*** INFORMATION SHOWN ***
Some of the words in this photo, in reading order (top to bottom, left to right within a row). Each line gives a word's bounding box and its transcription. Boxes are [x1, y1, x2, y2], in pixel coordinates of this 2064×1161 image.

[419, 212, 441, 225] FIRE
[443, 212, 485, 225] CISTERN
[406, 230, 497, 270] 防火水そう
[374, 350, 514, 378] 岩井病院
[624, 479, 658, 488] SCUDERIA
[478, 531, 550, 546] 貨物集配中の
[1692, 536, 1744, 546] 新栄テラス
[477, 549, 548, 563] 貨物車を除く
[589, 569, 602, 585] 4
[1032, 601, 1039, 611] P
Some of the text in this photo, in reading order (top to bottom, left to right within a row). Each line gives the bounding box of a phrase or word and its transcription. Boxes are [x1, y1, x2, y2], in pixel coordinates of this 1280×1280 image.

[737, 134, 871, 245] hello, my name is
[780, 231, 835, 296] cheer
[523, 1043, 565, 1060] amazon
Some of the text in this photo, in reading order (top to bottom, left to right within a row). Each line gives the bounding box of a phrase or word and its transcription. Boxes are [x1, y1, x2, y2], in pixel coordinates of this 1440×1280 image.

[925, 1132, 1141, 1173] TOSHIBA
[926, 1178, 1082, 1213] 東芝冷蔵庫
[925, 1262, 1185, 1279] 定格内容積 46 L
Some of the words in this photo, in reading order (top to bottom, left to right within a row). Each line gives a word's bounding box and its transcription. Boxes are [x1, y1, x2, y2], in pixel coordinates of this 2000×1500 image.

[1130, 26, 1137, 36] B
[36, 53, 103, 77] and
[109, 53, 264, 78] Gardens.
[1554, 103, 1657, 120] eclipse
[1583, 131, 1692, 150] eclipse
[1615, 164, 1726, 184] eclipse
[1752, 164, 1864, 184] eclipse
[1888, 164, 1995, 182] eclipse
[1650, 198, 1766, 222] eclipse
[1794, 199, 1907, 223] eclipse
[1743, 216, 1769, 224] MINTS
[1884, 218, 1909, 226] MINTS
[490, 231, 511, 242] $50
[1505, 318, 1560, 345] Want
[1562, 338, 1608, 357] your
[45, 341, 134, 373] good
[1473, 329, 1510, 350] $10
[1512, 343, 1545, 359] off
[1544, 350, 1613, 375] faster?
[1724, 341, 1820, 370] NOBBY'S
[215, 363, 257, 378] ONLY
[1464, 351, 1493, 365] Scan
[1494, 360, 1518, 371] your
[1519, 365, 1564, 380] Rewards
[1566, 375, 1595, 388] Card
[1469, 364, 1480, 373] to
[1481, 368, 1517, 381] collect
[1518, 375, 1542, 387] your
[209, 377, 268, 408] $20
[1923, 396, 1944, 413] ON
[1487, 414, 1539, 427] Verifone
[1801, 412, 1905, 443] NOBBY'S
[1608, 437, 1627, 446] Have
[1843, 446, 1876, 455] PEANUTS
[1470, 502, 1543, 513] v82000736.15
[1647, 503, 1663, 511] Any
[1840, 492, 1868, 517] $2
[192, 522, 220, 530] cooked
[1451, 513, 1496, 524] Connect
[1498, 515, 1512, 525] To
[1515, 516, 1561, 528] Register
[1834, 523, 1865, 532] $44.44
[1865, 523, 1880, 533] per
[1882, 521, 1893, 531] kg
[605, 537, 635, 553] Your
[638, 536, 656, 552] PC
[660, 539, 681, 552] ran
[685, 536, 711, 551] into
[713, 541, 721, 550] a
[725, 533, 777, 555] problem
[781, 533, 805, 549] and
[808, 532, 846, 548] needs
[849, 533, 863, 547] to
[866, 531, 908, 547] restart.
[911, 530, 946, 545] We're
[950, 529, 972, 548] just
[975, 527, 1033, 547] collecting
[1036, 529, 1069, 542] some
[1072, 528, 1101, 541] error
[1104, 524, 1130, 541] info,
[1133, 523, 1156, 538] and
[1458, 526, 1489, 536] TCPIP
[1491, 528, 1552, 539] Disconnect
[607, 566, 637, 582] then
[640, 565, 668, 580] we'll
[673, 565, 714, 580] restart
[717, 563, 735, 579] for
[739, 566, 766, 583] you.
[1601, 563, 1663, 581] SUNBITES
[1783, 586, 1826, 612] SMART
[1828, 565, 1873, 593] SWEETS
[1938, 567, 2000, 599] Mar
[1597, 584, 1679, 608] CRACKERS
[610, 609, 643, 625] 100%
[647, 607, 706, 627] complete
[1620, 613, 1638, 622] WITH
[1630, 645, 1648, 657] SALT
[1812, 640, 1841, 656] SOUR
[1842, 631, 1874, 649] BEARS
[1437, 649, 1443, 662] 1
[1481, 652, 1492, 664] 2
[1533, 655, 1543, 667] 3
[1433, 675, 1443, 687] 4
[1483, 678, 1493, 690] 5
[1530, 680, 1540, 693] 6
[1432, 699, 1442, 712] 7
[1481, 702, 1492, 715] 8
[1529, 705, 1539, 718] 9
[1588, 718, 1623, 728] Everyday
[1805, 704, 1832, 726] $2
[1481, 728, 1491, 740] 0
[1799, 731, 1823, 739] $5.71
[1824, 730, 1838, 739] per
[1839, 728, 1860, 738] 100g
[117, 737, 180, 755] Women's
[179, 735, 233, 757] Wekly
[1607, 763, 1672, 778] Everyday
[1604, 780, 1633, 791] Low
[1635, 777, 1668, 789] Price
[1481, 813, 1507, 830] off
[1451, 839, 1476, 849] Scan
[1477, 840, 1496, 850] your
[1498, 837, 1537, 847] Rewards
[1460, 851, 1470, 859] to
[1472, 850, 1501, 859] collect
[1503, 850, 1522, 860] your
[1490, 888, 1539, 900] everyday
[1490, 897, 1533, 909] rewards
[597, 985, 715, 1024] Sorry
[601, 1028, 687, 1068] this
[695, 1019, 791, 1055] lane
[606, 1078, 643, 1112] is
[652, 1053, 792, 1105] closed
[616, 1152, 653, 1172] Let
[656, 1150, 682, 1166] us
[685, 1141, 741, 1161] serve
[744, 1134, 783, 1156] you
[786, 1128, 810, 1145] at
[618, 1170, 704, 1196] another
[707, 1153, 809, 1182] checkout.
*** End of INFORMATION SHOWN ***
*HOW TO COMPLETE THIS TASK:*
Would you reproduce all of the data exactly, without a single alteration?

*EXERCISE SOLUTION:*
Some of the words in this photo, in reading order (top to bottom, left to right within a row). Each line gives a word's bounding box and its transcription. Boxes are [x1, y1, x2, y2], in pixel coordinates of this 2064×1161 image.

[419, 212, 441, 225] FIRE
[443, 212, 485, 225] CISTERN
[406, 230, 497, 270] 防火水そう
[374, 350, 514, 378] 岩井病院
[624, 479, 658, 488] SCUDERIA
[478, 531, 550, 546] 貨物集配中の
[1692, 536, 1744, 546] 新栄テラス
[477, 549, 548, 563] 貨物車を除く
[589, 569, 602, 585] 4
[1032, 601, 1039, 611] P
Some of the text in this photo, in reading order (top to bottom, left to right within a row). Each line gives the bounding box of a phrase or word and its transcription. Boxes are [x1, y1, x2, y2], in pixel coordinates of this 1280×1280 image.

[737, 134, 871, 245] hello, my name is
[780, 231, 835, 296] cheer
[523, 1043, 565, 1060] amazon
Some of the text in this photo, in reading order (top to bottom, left to right within a row). Each line gives the bounding box of a phrase or word and its transcription. Boxes are [x1, y1, x2, y2], in pixel coordinates of this 1440×1280 image.

[925, 1132, 1141, 1173] TOSHIBA
[926, 1178, 1082, 1213] 東芝冷蔵庫
[925, 1262, 1185, 1279] 定格内容積 46 L
Some of the words in this photo, in reading order (top to bottom, left to right within a row). Each line gives a word's bounding box and its transcription. Boxes are [x1, y1, x2, y2], in pixel coordinates of this 2000×1500 image.

[1130, 26, 1137, 36] B
[36, 53, 103, 77] and
[109, 53, 264, 78] Gardens.
[1554, 103, 1657, 120] eclipse
[1583, 131, 1692, 150] eclipse
[1615, 164, 1726, 184] eclipse
[1752, 164, 1864, 184] eclipse
[1888, 164, 1995, 182] eclipse
[1650, 198, 1766, 222] eclipse
[1794, 199, 1907, 223] eclipse
[1743, 216, 1769, 224] MINTS
[1884, 218, 1909, 226] MINTS
[490, 231, 511, 242] $50
[1505, 318, 1560, 345] Want
[1562, 338, 1608, 357] your
[45, 341, 134, 373] good
[1473, 329, 1510, 350] $10
[1512, 343, 1545, 359] off
[1544, 350, 1613, 375] faster?
[1724, 341, 1820, 370] NOBBY'S
[215, 363, 257, 378] ONLY
[1464, 351, 1493, 365] Scan
[1494, 360, 1518, 371] your
[1519, 365, 1564, 380] Rewards
[1566, 375, 1595, 388] Card
[1469, 364, 1480, 373] to
[1481, 368, 1517, 381] collect
[1518, 375, 1542, 387] your
[209, 377, 268, 408] $20
[1923, 396, 1944, 413] ON
[1487, 414, 1539, 427] Verifone
[1801, 412, 1905, 443] NOBBY'S
[1608, 437, 1627, 446] Have
[1843, 446, 1876, 455] PEANUTS
[1470, 502, 1543, 513] v82000736.15
[1647, 503, 1663, 511] Any
[1840, 492, 1868, 517] $2
[192, 522, 220, 530] cooked
[1451, 513, 1496, 524] Connect
[1498, 515, 1512, 525] To
[1515, 516, 1561, 528] Register
[1834, 523, 1865, 532] $44.44
[1865, 523, 1880, 533] per
[1882, 521, 1893, 531] kg
[605, 537, 635, 553] Your
[638, 536, 656, 552] PC
[660, 539, 681, 552] ran
[685, 536, 711, 551] into
[713, 541, 721, 550] a
[725, 533, 777, 555] problem
[781, 533, 805, 549] and
[808, 532, 846, 548] needs
[849, 533, 863, 547] to
[866, 531, 908, 547] restart.
[911, 530, 946, 545] We're
[950, 529, 972, 548] just
[975, 527, 1033, 547] collecting
[1036, 529, 1069, 542] some
[1072, 528, 1101, 541] error
[1104, 524, 1130, 541] info,
[1133, 523, 1156, 538] and
[1458, 526, 1489, 536] TCPIP
[1491, 528, 1552, 539] Disconnect
[607, 566, 637, 582] then
[640, 565, 668, 580] we'll
[673, 565, 714, 580] restart
[717, 563, 735, 579] for
[739, 566, 766, 583] you.
[1601, 563, 1663, 581] SUNBITES
[1783, 586, 1826, 612] SMART
[1828, 565, 1873, 593] SWEETS
[1938, 567, 2000, 599] Mar
[1597, 584, 1679, 608] CRACKERS
[610, 609, 643, 625] 100%
[647, 607, 706, 627] complete
[1620, 613, 1638, 622] WITH
[1630, 645, 1648, 657] SALT
[1812, 640, 1841, 656] SOUR
[1842, 631, 1874, 649] BEARS
[1437, 649, 1443, 662] 1
[1481, 652, 1492, 664] 2
[1533, 655, 1543, 667] 3
[1433, 675, 1443, 687] 4
[1483, 678, 1493, 690] 5
[1530, 680, 1540, 693] 6
[1432, 699, 1442, 712] 7
[1481, 702, 1492, 715] 8
[1529, 705, 1539, 718] 9
[1588, 718, 1623, 728] Everyday
[1805, 704, 1832, 726] $2
[1481, 728, 1491, 740] 0
[1799, 731, 1823, 739] $5.71
[1824, 730, 1838, 739] per
[1839, 728, 1860, 738] 100g
[117, 737, 180, 755] Women's
[179, 735, 233, 757] Wekly
[1607, 763, 1672, 778] Everyday
[1604, 780, 1633, 791] Low
[1635, 777, 1668, 789] Price
[1481, 813, 1507, 830] off
[1451, 839, 1476, 849] Scan
[1477, 840, 1496, 850] your
[1498, 837, 1537, 847] Rewards
[1460, 851, 1470, 859] to
[1472, 850, 1501, 859] collect
[1503, 850, 1522, 860] your
[1490, 888, 1539, 900] everyday
[1490, 897, 1533, 909] rewards
[597, 985, 715, 1024] Sorry
[601, 1028, 687, 1068] this
[695, 1019, 791, 1055] lane
[606, 1078, 643, 1112] is
[652, 1053, 792, 1105] closed
[616, 1152, 653, 1172] Let
[656, 1150, 682, 1166] us
[685, 1141, 741, 1161] serve
[744, 1134, 783, 1156] you
[786, 1128, 810, 1145] at
[618, 1170, 704, 1196] another
[707, 1153, 809, 1182] checkout.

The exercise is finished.